Family in bedMy children are all grown up. My youngest just turned 21 and my oldest is nearly 30. Reaching the "twos" with your children is a lot like teaching them to swim. When my four were toddlers, I was eager for the day when they all knew how to swim because I worried about them when they were around water. With adult children, it's not the water that you worry about so much; it's the whole world. Toddlers are learning how to navigate in the world; adult children are that world. Parenting adults feels like starting over again, as you learn how to talk to your children as emotional equals. It helps if you've been doing so all along.


My adult children are still part of my world, and we all get together frequently. Three of them have lived at home on and off during their 20s. We have a big house and the job market has been challenging. In addition to the economic justification, however, I simply like the fact that my children still live at home at times. It's been the kind of slow and gentle weaning for me as a mom that I gave to them as infants and toddlers. I was reassured when I heard that in Europe young adults are expected to take until their 30s to find themselves. I understand that in Latin America it is common for adult children to live at home until they are married. And, of course, I remember John Boy and The Waltons.

But still sometimes I worry, because we do things differently. I don't have nice, easy, linear stories about my children to tell other adults my age who brag to me about theirs. The directions my adult children's lives have taken, like their educations, have been nonconformist. They are individuals. During the days that we homeschooled, the motto of our school was "Every experience carries its lesson," from Dune. Why am I now surprised when their education as adults mirrors the successful self-teaching of their younger years?

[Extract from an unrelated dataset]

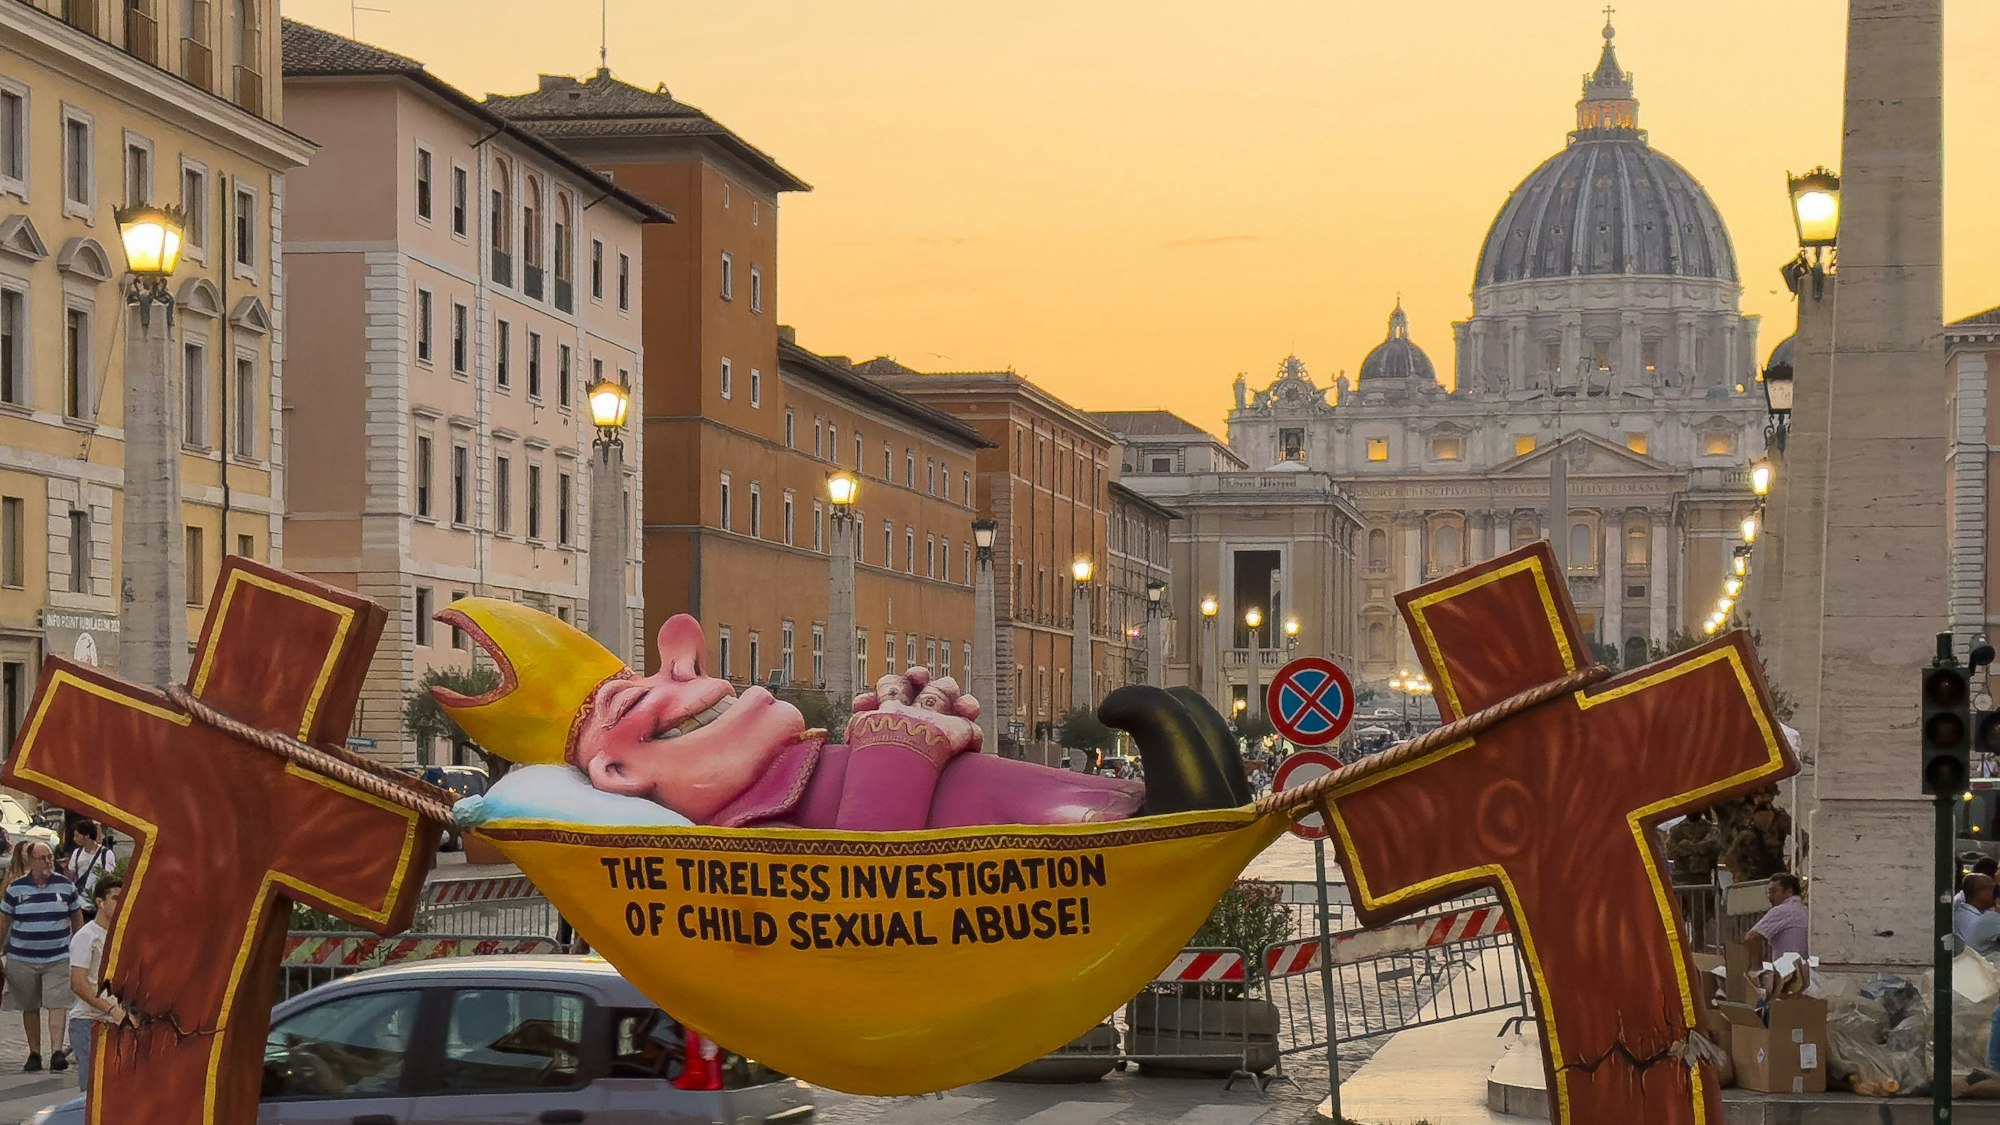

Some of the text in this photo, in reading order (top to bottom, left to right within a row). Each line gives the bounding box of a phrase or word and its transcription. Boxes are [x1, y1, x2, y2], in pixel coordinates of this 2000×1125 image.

[46, 614, 60, 627] INFO
[62, 615, 79, 629] POINT
[600, 854, 1107, 902] THE TIRELESS INVESTIGATION
[625, 897, 1091, 951] OF CHILD SEXUAL ABUSE!

And why am I surprised that we should have such a gradual weaning, if a weaning it is at all? Raising my children in an atmosphere of cooperation rather than coercion has preserved our bond of attachment into adulthood. We really like one another. And how odd it is that we must ask ourselves if it is OK to be so close.

In so many families, the 18th year is a rigidly enforced rite of passage out of the home and into the world. It is often enforced with no gradations, as a once-and-for-all kind of thing. I know parents who move to a smaller house or remodel their child's bedroom as soon as the child is 18, as if he or she will never come back again. No wonder so many don't. That has not been my experience, however. Like the teens who crowded our house during those years, I have come to believe that it is perfectly natural for our home to be a flexible refuge during the early years of adulthood as well.

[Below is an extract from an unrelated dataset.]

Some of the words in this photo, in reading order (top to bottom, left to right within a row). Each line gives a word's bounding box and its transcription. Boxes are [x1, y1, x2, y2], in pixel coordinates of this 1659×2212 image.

Still, we sit on my bed in the morning and sometimes talk about how unusual it is that we all get along so well. Or is it? On vacation recently, we were sitting on the porch of a rental house and noticed that three of us were sitting in exactly the same relation to one another as we do on my bed in the mornings. We have this habit of intimacy.

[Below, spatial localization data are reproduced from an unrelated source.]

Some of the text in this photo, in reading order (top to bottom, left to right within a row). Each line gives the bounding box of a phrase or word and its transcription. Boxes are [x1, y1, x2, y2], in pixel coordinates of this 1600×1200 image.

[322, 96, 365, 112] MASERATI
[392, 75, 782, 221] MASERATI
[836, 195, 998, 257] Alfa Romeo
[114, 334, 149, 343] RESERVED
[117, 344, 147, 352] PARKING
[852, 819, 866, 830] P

Later during the vacation, I went out to dinner with Lee, Cyndee, Andei, and Ocean. We are women who have known one another for 10 to 20 years and have raised our children pretty much the same way, in a spirit of trust and cooperation. We did our best to follow our children's lead and to trust the natural way of less intervention and more interaction.

After dinner, my friends and I went to drop off Lee at her house and ended up sitting on her bed talking. I wondered, as the children gathered and joined the four of us women on the bed, what was going on. Cyndee's and Lee's preteen sons joined us on the bed, nuzzling and cuddling just like little puppies, as Cyndee called them. They were acting like animals, after all. One young boy caught my eye as if to ask if this was all OK with me, too, this nuzzling and rolling and frolicking about. It was. It was just like our house. Soon after the interlude on Lee's bed, I attended the La Leche League International (LLLI) conference in San Francisco, where Marian Tompson, a LLLI founder, showed me a photo of her great-grandchild. She proudly showed me the young parents and commented that it had been a natural birth. Four generations of natural births, four generations of homebirths.

The conversations with my children on my bed, the sweet evening on Lee's bed, the pictures of Marian's great-grandchild-help me to remember that something very profound is happening. At the same time we are discouraged that social change in support of healthy families is taking so long, we are already there. We are weaving with an evolutionary thread that goes back in time to traditional societies.

Fifty years ago, La Leche League took up this thread, inspired by physicians such as Grantly Dick-Read and Gregory White, who trusted the natural way and knew that it was fear, not childbirth or breastfeeding, that was the problem. While it seems that we've been advocating for childbirth reform and parents' rights forever, in fact, most social movements take 100 years to become established. The Civil Rights movement, the movement for jails instead of lynching, and the movement for public schools all took about 100 years to accomplish their goals. After 50 years, natural birth and parenting are considered legitimate choices; now it is time for assimilation.

Why is this so important? Isn't it arrogant to talk of people assimilating the natural way? Isn't the natural way just another lifestyle choice? No, it's not. That's the point, really. While many people think of natural choices, particularly about birth and parenting, as just another lifestyle choice, they are, in fact, health choices. They are health choices because current scientific evidence supports the safety and superiority of the natural way.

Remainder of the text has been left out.